La première chose qui vous surprendra peut-être à Budapest, c'est son tram datant de l'époque soviétique qui continue à parcourir la ligne 3 jusqu'au cœur de la capitale hongroise. Tout au long du trajet, il ne reste plus que les centaines de panneaux publicitaires, vestiges de la propagande politique, pour nous rappeler le quart de siècle qui a passé depuis la chute du rideau de fer et du modèle singulier du socialisme hongrois : le communisme goulash.
la tambouille économique
« Nous étions le plus heureux des régimes socialistes », remarque le professeur Sándor Gyula Nagy, expert en études européennes et doyen-adjoint de la Faculté de Sciences Économiques de l'Université Corvinus. D'un point de vue économique, le modèle hongrois ressemblait au plat national traditionnel : il y avait de tout. Il mettait en avant l'accès aux biens de consommation et intégrait certains mécanismes de marché dans une économie planifiée. Les petits marchés privés dans le secteur des services florissaient, le commerce extérieur était stimulé et les exportations augmentaient de chaque côté du rideau de fer.
Mais quand le mur est tombé, les problèmes ont commencé. La Hongrie a vu ses exportations baisser de 70% et son chômage augmenter jusqu’à 12 %, en un an seulement. La faillite du secteur industriel a entraîné une chute importante du PIB, le prix des biens de base est monté en flèche suite au retrait des subventions et beaucoup de personnes se sont retrouvées en situation précaire. « Le gouvernement a engagé une réforme du marché par la privatisation des entreprises. Il fallait avant tout faire face à une très grande dette extérieure », précise le professeur Nagy.

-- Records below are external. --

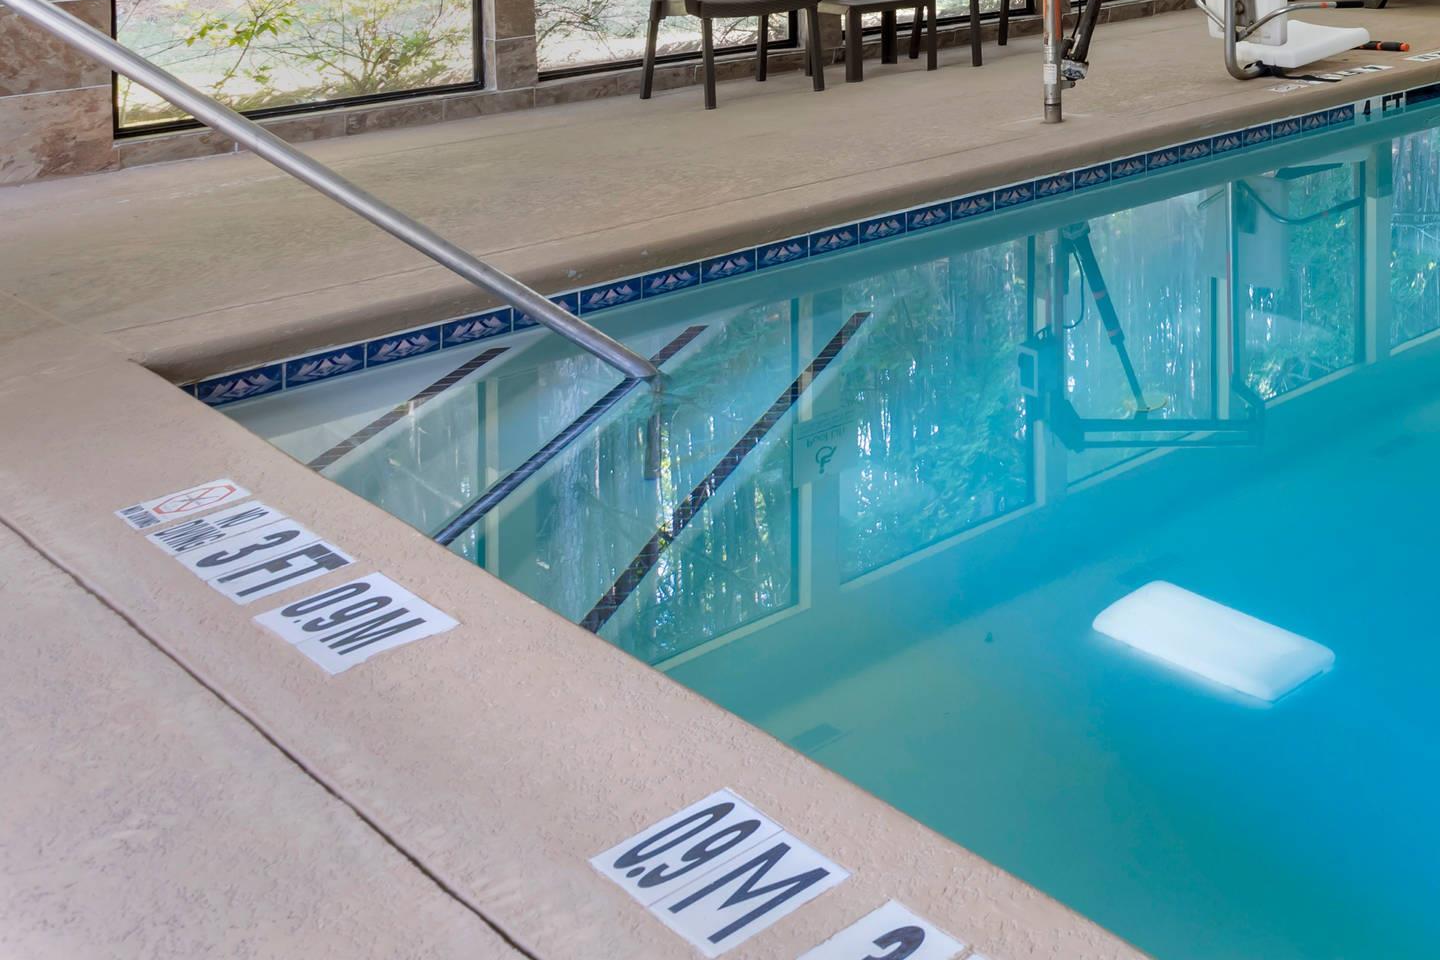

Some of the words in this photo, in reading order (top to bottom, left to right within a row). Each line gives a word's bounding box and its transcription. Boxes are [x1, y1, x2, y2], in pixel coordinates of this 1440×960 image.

[154, 518, 227, 553] DIVING
[216, 506, 270, 529] NO
[196, 530, 300, 568] 3
[217, 543, 350, 597] FT
[281, 582, 427, 656] 0.9M
[613, 802, 831, 944] 0.9M
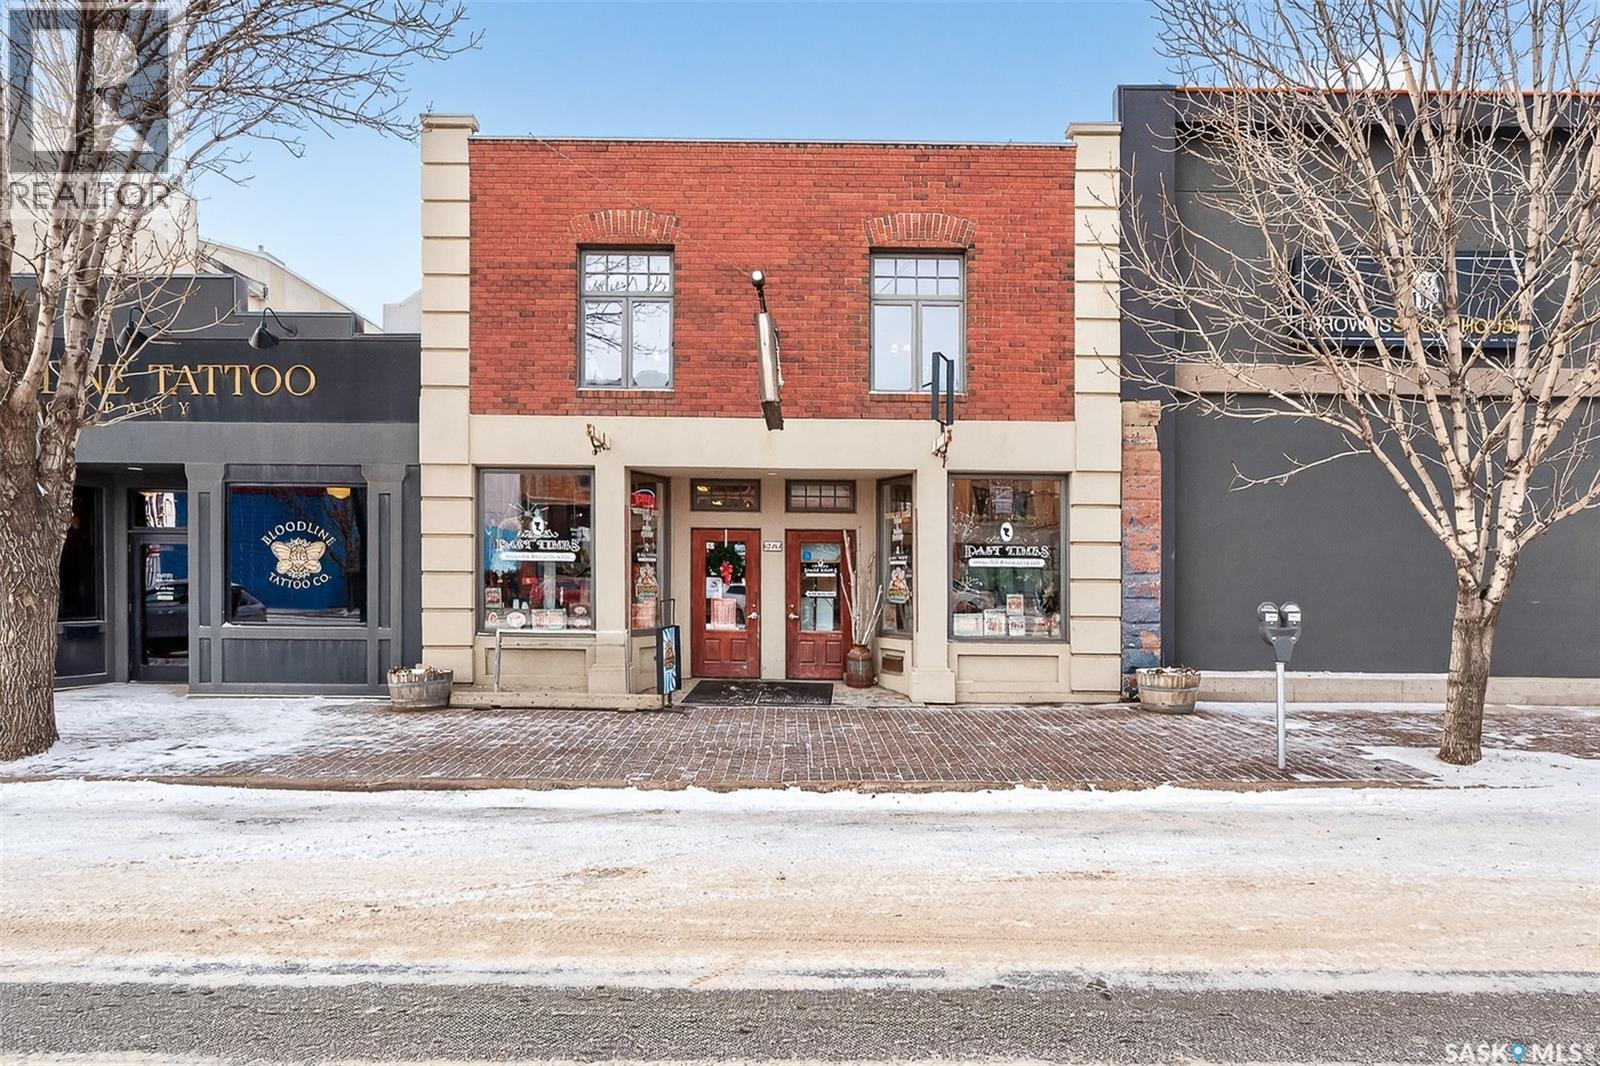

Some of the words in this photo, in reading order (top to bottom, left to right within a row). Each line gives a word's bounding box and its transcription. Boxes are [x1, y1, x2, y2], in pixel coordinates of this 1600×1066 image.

Le régime le plus sec de l'histoire
Le conservateur József Antall a initié un processus de transition et un ajustement rude dont le paroxysme sera atteint au cours de deux gouvernements successifs. Le premier, dirigé par Guyla Horn - leader de la transformation d'un régime au parti unique en une social-démocratie occidentale - a davantage plongé le pays dans l'austérité, grâce au plan Bokros, sous la tutelle du FMI. « Il s'agissait d'appliquer la stratégie du choc, rien de plus », explique le professeur. La privatisation a été accéléré, les taxes d'apprentissage ont été instaurées, des coupes budgétaires dans les dépenses sociales ont été décidées, entraînant ainsi une dévaluation de la devise et une perte de revenus généralisée. Ce fut le régime le plus draconien jamais imposé à la Hongrie.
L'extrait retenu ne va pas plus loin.